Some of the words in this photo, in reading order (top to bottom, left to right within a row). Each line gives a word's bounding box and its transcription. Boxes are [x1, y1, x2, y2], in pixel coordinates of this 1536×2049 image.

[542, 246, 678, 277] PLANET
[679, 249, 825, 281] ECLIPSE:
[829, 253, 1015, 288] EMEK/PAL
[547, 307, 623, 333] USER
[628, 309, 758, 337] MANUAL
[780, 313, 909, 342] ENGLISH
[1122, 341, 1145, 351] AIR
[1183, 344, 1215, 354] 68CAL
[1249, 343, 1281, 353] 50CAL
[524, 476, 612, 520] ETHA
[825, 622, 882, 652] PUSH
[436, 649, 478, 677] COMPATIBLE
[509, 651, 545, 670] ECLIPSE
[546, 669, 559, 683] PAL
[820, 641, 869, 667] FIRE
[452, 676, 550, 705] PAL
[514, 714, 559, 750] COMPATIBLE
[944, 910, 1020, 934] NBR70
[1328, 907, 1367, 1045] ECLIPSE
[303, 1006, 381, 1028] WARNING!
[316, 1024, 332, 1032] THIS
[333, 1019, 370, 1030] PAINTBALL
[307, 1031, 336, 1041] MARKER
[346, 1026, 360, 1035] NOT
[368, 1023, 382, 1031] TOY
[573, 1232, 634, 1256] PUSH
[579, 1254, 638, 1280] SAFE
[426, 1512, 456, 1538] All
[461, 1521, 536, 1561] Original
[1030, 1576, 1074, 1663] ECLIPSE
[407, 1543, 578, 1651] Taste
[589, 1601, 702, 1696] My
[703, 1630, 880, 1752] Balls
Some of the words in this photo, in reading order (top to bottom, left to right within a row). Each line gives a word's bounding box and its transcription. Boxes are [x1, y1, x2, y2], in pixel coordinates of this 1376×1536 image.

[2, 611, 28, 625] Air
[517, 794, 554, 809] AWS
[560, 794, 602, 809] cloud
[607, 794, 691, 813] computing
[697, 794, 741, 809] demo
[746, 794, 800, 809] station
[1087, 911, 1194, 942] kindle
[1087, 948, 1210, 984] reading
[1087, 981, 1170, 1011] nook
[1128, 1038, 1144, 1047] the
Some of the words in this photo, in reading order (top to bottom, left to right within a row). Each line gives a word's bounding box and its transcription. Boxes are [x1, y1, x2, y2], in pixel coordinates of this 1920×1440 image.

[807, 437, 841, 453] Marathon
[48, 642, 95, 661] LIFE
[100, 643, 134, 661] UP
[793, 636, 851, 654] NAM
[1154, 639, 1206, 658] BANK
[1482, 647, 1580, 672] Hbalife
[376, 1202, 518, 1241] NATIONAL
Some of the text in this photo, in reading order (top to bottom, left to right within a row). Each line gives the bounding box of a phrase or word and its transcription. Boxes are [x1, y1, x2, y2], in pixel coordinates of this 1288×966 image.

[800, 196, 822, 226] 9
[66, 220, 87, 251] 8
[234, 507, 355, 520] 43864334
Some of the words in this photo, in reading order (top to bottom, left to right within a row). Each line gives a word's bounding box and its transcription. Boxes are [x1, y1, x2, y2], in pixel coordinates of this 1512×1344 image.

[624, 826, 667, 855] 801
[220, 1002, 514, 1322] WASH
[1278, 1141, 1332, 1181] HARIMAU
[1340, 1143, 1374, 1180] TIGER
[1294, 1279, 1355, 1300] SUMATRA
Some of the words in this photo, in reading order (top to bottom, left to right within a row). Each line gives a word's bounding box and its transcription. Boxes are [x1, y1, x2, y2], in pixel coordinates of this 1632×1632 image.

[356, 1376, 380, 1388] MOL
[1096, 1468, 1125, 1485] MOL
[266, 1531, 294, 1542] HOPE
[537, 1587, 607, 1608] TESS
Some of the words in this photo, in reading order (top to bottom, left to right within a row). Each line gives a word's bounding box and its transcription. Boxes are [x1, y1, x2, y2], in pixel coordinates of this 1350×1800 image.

What the task asks:
Give back the complete data, each line unchanged.

Exercise answer:
Some of the words in this photo, in reading order (top to bottom, left to right within a row). Each line gives a word's bounding box and its transcription. Boxes are [x1, y1, x2, y2], in pixel coordinates of this 1536×2049 image.

[542, 246, 678, 277] PLANET
[679, 249, 825, 281] ECLIPSE:
[829, 253, 1015, 288] EMEK/PAL
[547, 307, 623, 333] USER
[628, 309, 758, 337] MANUAL
[780, 313, 909, 342] ENGLISH
[1122, 341, 1145, 351] AIR
[1183, 344, 1215, 354] 68CAL
[1249, 343, 1281, 353] 50CAL
[524, 476, 612, 520] ETHA
[825, 622, 882, 652] PUSH
[436, 649, 478, 677] COMPATIBLE
[509, 651, 545, 670] ECLIPSE
[546, 669, 559, 683] PAL
[820, 641, 869, 667] FIRE
[452, 676, 550, 705] PAL
[514, 714, 559, 750] COMPATIBLE
[944, 910, 1020, 934] NBR70
[1328, 907, 1367, 1045] ECLIPSE
[303, 1006, 381, 1028] WARNING!
[316, 1024, 332, 1032] THIS
[333, 1019, 370, 1030] PAINTBALL
[307, 1031, 336, 1041] MARKER
[346, 1026, 360, 1035] NOT
[368, 1023, 382, 1031] TOY
[573, 1232, 634, 1256] PUSH
[579, 1254, 638, 1280] SAFE
[426, 1512, 456, 1538] All
[461, 1521, 536, 1561] Original
[1030, 1576, 1074, 1663] ECLIPSE
[407, 1543, 578, 1651] Taste
[589, 1601, 702, 1696] My
[703, 1630, 880, 1752] Balls
Some of the words in this photo, in reading order (top to bottom, left to right within a row). Each line gives a word's bounding box and its transcription. Boxes are [x1, y1, x2, y2], in pixel coordinates of this 1376×1536 image.

[2, 611, 28, 625] Air
[517, 794, 554, 809] AWS
[560, 794, 602, 809] cloud
[607, 794, 691, 813] computing
[697, 794, 741, 809] demo
[746, 794, 800, 809] station
[1087, 911, 1194, 942] kindle
[1087, 948, 1210, 984] reading
[1087, 981, 1170, 1011] nook
[1128, 1038, 1144, 1047] the
Some of the words in this photo, in reading order (top to bottom, left to right within a row). Each line gives a word's bounding box and its transcription. Boxes are [x1, y1, x2, y2], in pixel coordinates of this 1920×1440 image.

[807, 437, 841, 453] Marathon
[48, 642, 95, 661] LIFE
[100, 643, 134, 661] UP
[793, 636, 851, 654] NAM
[1154, 639, 1206, 658] BANK
[1482, 647, 1580, 672] Hbalife
[376, 1202, 518, 1241] NATIONAL
Some of the text in this photo, in reading order (top to bottom, left to right within a row). Each line gives the bounding box of a phrase or word and its transcription. Boxes are [x1, y1, x2, y2], in pixel coordinates of this 1288×966 image.

[800, 196, 822, 226] 9
[66, 220, 87, 251] 8
[234, 507, 355, 520] 43864334
Some of the words in this photo, in reading order (top to bottom, left to right within a row). Each line gives a word's bounding box and its transcription. Boxes are [x1, y1, x2, y2], in pixel coordinates of this 1512×1344 image.

[624, 826, 667, 855] 801
[220, 1002, 514, 1322] WASH
[1278, 1141, 1332, 1181] HARIMAU
[1340, 1143, 1374, 1180] TIGER
[1294, 1279, 1355, 1300] SUMATRA
Some of the words in this photo, in reading order (top to bottom, left to right within a row). Each line gives a word's bounding box and its transcription. Boxes are [x1, y1, x2, y2], in pixel coordinates of this 1632×1632 image.

[356, 1376, 380, 1388] MOL
[1096, 1468, 1125, 1485] MOL
[266, 1531, 294, 1542] HOPE
[537, 1587, 607, 1608] TESS
Some of the words in this photo, in reading order (top to bottom, left to right within a row). Each line gives a word's bounding box and its transcription. Boxes are [x1, y1, x2, y2], in pixel coordinates of this 1350×1800 image.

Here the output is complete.